E fiquei a meditar em torno dos ensinamentos que os Espíritos nos deixam não só nas reuniões de intercâmbio espiritual, semanais, as chamadas reuniões espíritas, como também nos ensinamentos que os Espíritos deixaram através das obras publicadas por Allan Kardec, explicando ao homem quem ele é, de onde vem e para onde vai.
Aprendemos com a doutrina espírita que somos seres imortais, o espiritismo comprova-o através da comunicabilidade dos espíritos; aprendemos com a doutrina espírita a pluralidade das existências ou a reencarnação, bem como a lei de causa e efeito, que faz com que as vidas sucessivas se interliguem umas às outras, onde por vezes colhemos numa existência causas semeadas numa outra anterior, factos estes hoje bem documentados pela ciência médica nomeadamente a moderna psiquiatria; aprendemos com a doutrina espírita (ou espiritismo) que o planeta Terra é apenas mais uma escola, onde estamos em regime de aprendizagem e que um dia demandaremos a outros planetas mais evoluídos onde a felicidade estará ao nosso alcance, quando formos espíritos mais felizes, mais evoluídos, fruto do labor incessante ao longo das várias reencarnações.

«Fora da caridade não há salvação», é o lema
que a Doutrina Espírita (ou Espiritismo) nos deixa

E começamos a antever como será a vida nesses mundos felizes, onde os seres inteligentes já não cogitarão de deixar os maus momentos para depois, uma vez que aproveitarão todos os momentos para obrar no bem, serem benevolentes para com todos e emprestar a cada acção todo o seu amor, dedicação e empenho fraterno, desinteresse pessoal.
Quando chegarmos aí, já não necessitaremos de dizer «Hoje não falemos nisso…» pois que o amor ao próximo será uma constante, a marcar o nosso quotidiano, os nossos pensamentos, as nossas acções. Poderemos dizer que nos mundos felizes é sempre Natal, nos corações dos seres que aí aportam.
No entanto, Jesus de Nazaré deixou-nos há dois mil anos um roteiro de paz, de felicidade, que teimamos em não colocar em prática, e de duas uma, ou nós somos muito teimosos ou Jesus foi um hipócrita ao deixar-nos algo de inatingível. Preferimos ficar pela primeira hipótese, onde o homem, cego pela sua miopia espiritual, continua a investir no desamor em vez de semear o amor, continua a apostar no ódio, na guerra, em vez de trilhar os caminhos da paz, continua a preferir o egoísmo, a satisfação pessoal a qualquer custo, ao invés de partilhar e fraternalmente colaborar com o próximo.

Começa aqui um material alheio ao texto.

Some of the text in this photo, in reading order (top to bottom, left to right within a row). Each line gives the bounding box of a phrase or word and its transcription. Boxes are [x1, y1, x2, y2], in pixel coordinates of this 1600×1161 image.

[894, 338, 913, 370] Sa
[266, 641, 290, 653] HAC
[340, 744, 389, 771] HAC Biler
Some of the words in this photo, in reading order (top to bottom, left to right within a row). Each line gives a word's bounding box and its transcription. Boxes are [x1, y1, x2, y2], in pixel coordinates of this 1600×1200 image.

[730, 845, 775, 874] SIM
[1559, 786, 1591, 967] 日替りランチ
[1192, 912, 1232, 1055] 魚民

Afinal, somos os senhores do nosso destino e se os desatinos ainda dominam o nosso modus vivendi é porque ainda não tivemos a coragem moral de enveredar pelos caminhos preconizados por Jesus de Nazaré há dois mil anos.

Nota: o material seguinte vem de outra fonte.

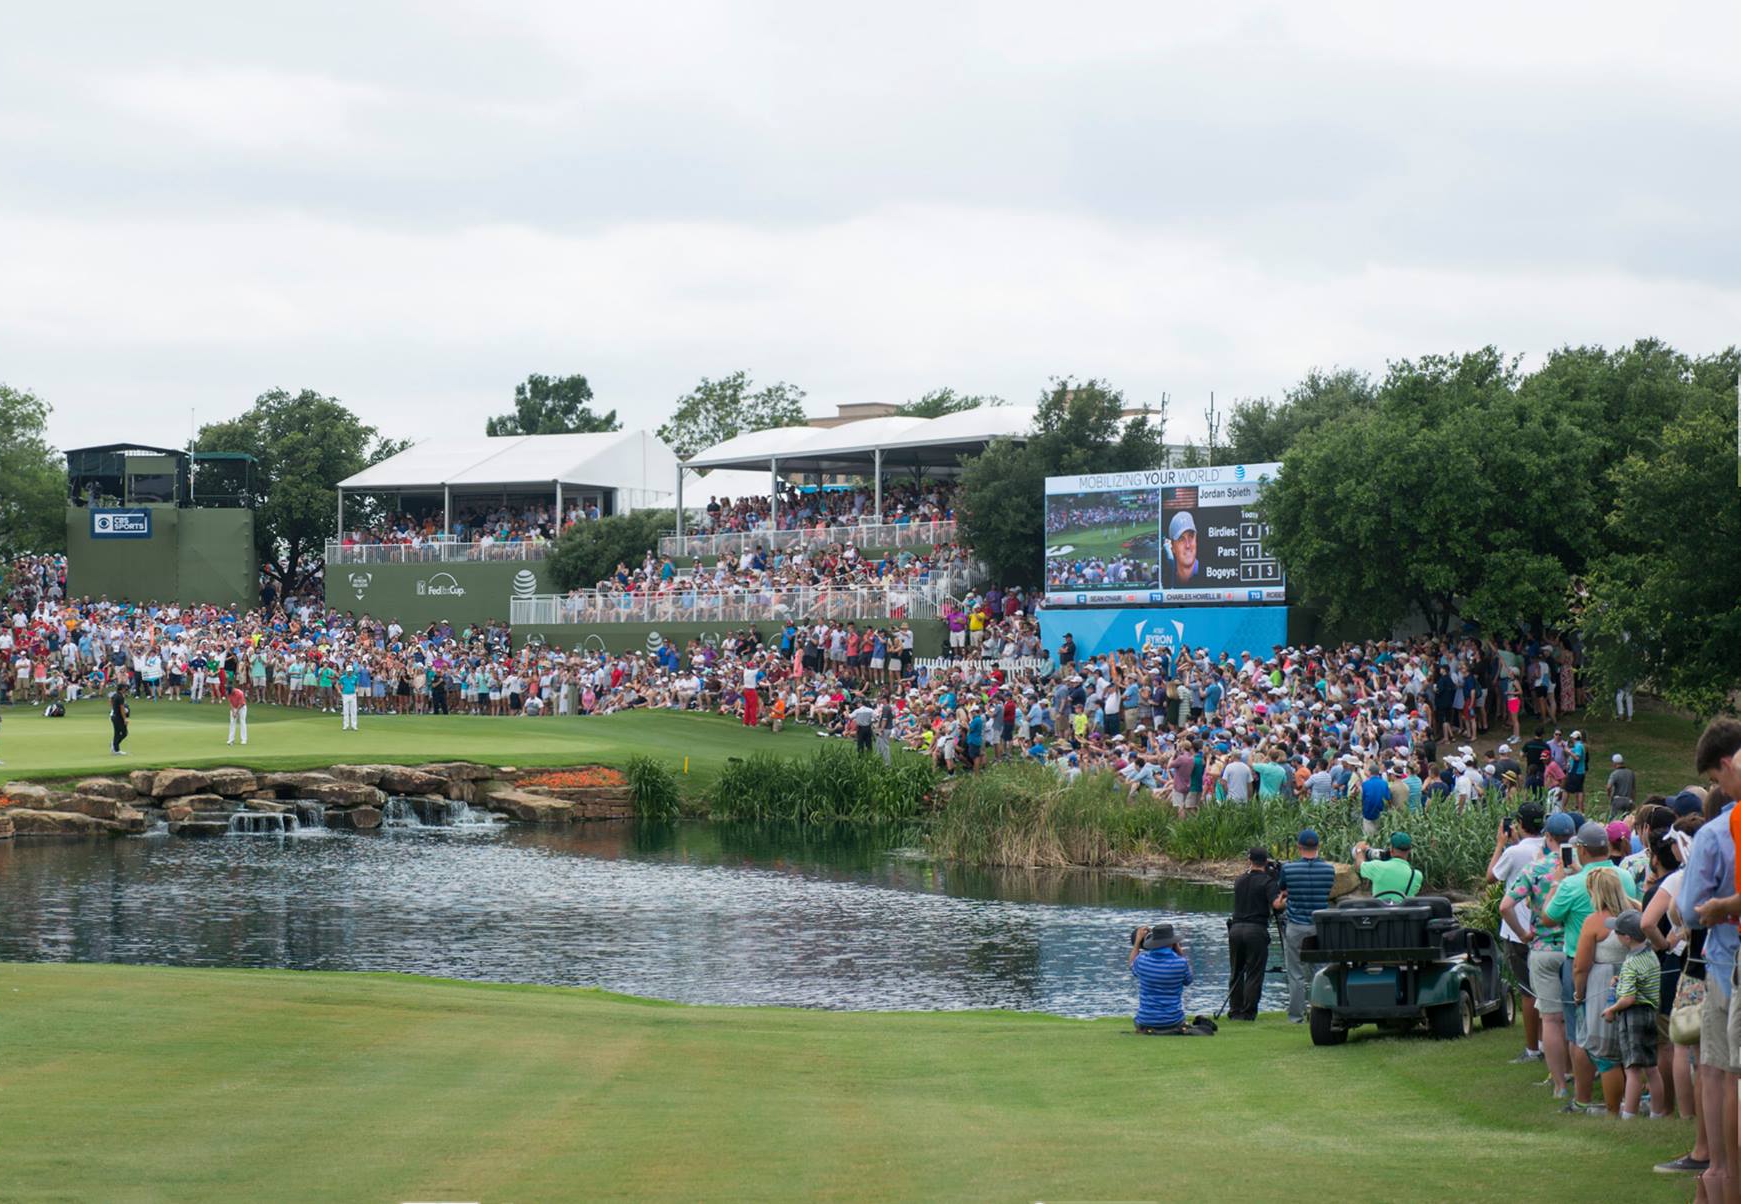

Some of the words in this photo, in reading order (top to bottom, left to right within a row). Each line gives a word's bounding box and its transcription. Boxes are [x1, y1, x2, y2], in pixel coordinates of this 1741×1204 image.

[1079, 473, 1142, 490] MOBILIZING
[1144, 471, 1176, 485] YOUR
[1178, 468, 1220, 484] WORLD
[1200, 489, 1226, 499] Jordan
[1227, 487, 1251, 499] Spieth
[1208, 526, 1239, 538] Birdies:
[1247, 526, 1253, 537] 4
[1217, 546, 1239, 557] Pars:
[1245, 546, 1255, 557] 11
[1206, 566, 1239, 579] Bogeys:
[1247, 566, 1253, 577] 1
[1267, 565, 1273, 577] 3

De nada nos adianta desejar Bom Natal e Feliz Ano Novo se continuarmos
nas nossas atitudes egocentristas, orgulhosas, belicosas

Como será a vida um dia, quando políticos e dirigidos assim procederem, quando dirigentes nacionais proliferarem medidas de apoio mútuo em vez de actos de guerra, quando os interesses financeiros de grupos multinacionais derem lugar aos interesses de grupo no sentido de melhorar as condições de vida no planeta Terra, como uma grande nave espacial que deve navegar em paz pelo cosmos fora?!!!
De nada nos adianta desejar bom Natal e feliz ano novo se continuarmos nas nossas atitudes egocentristas, orgulhosas, belicosas.

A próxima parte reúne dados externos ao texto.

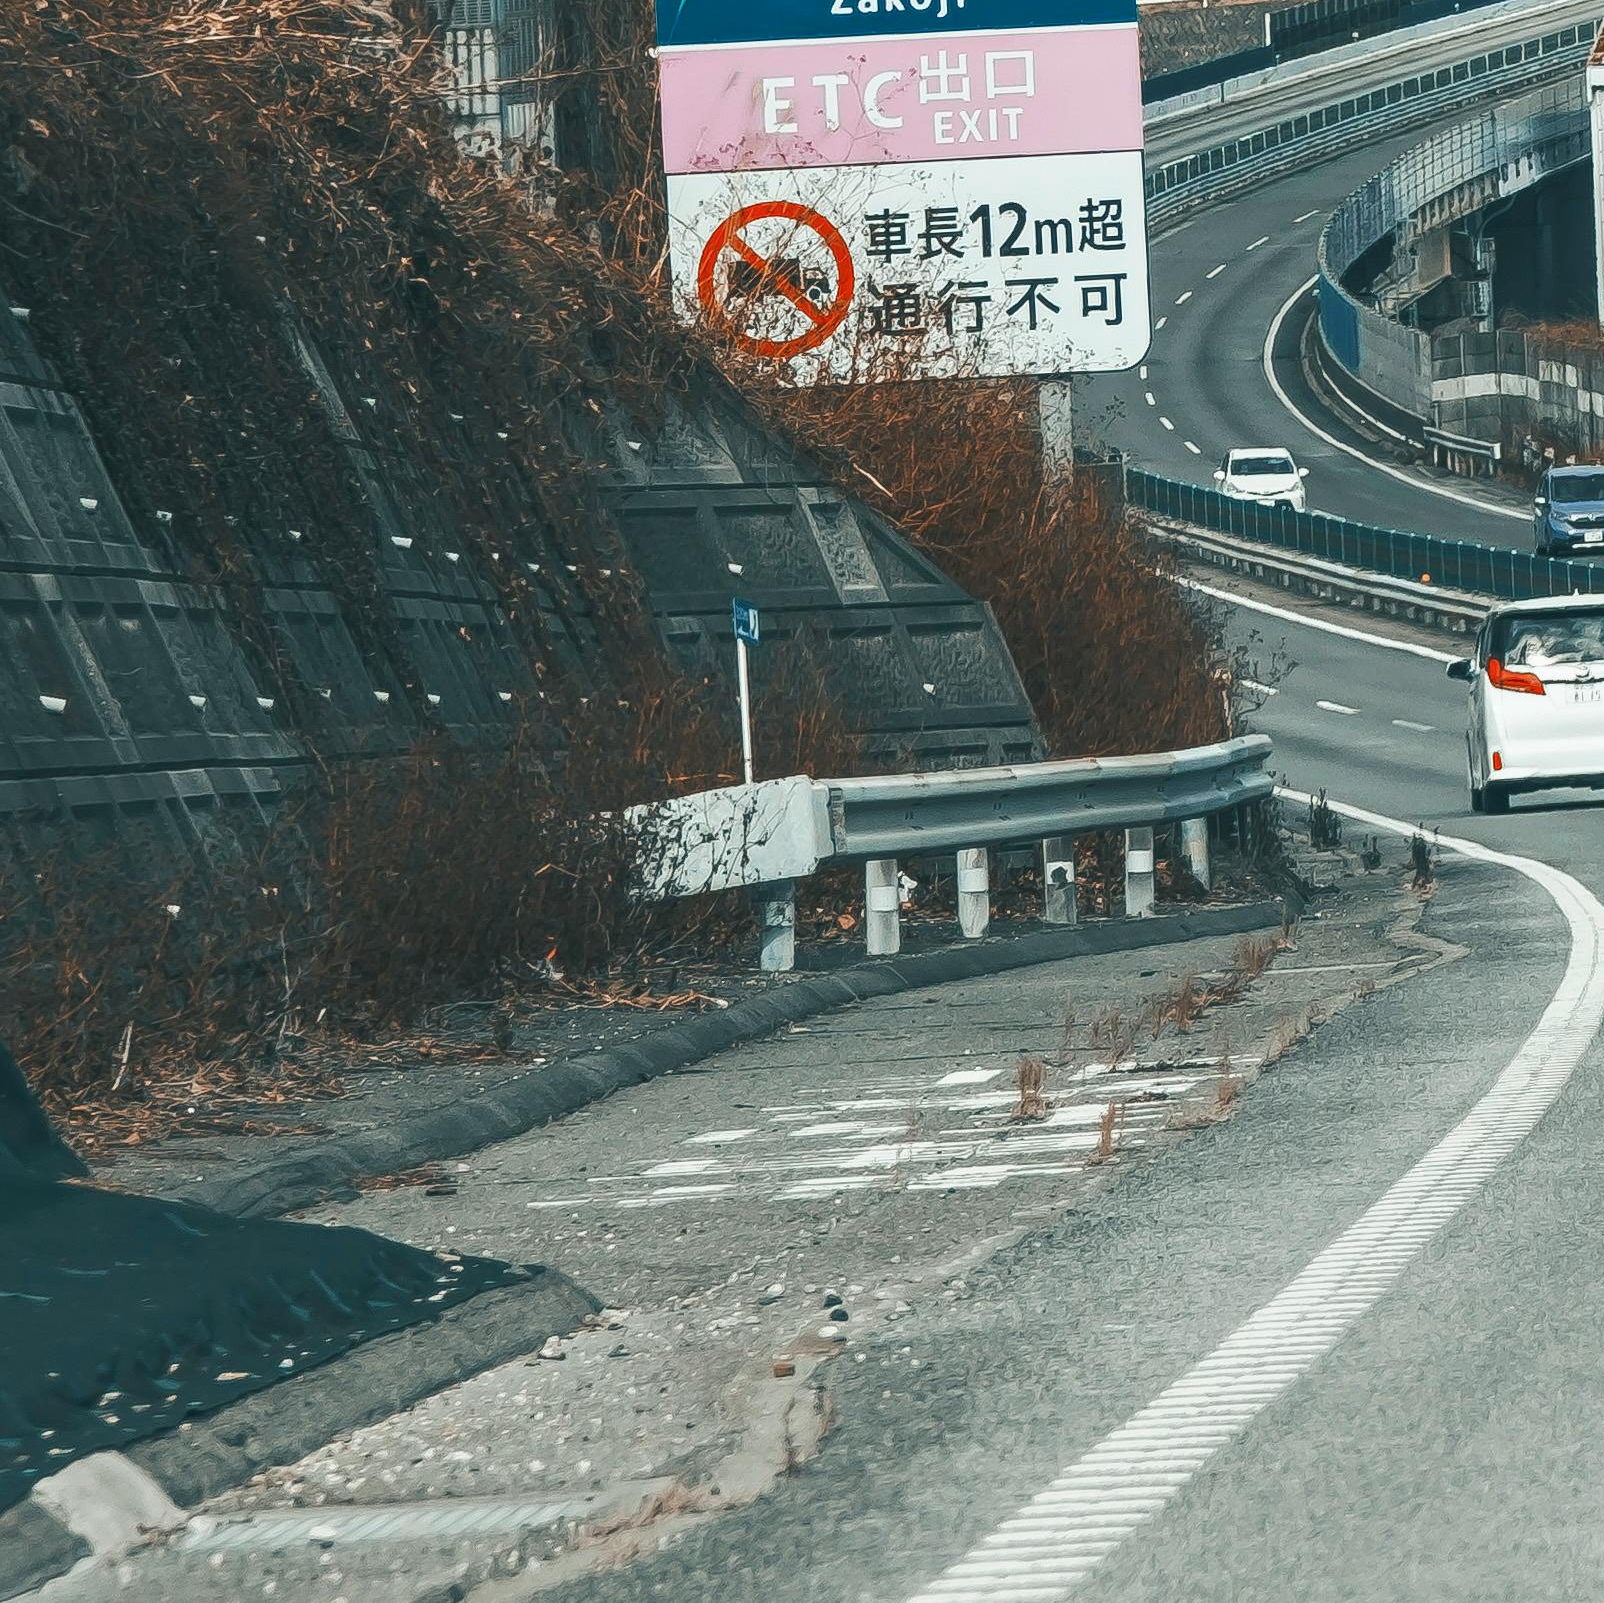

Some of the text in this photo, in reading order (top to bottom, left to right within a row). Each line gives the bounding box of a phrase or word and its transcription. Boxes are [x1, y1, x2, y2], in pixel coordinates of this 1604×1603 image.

[762, 49, 1036, 134] ETC 出口
[934, 107, 1025, 144] EXIT
[864, 197, 1127, 264] 車長12m超
[864, 272, 1128, 336] 通行不可

Como ser feliz, como ter um melhor ano se não mudarmos de atitude perante a vida?
Esse é o grande alerta que a espiritualidade constantemente nos lança, através de múltiplos médiuns um pouco por todo o mundo, em grupos espíritas que laboram com total desinteresse material: fora da caridade não há salvação, isto é, se o homem não enveredar pelos caminhos da fraternidade, auxílio mútuo desinteressado, o homem não evoluirá espiritualmente, permanecendo estagnado e assim gerando fontes de sofrimento para si, como portas que se abrem para dias melhores em busca de momentos de paz que nos tranquilizem.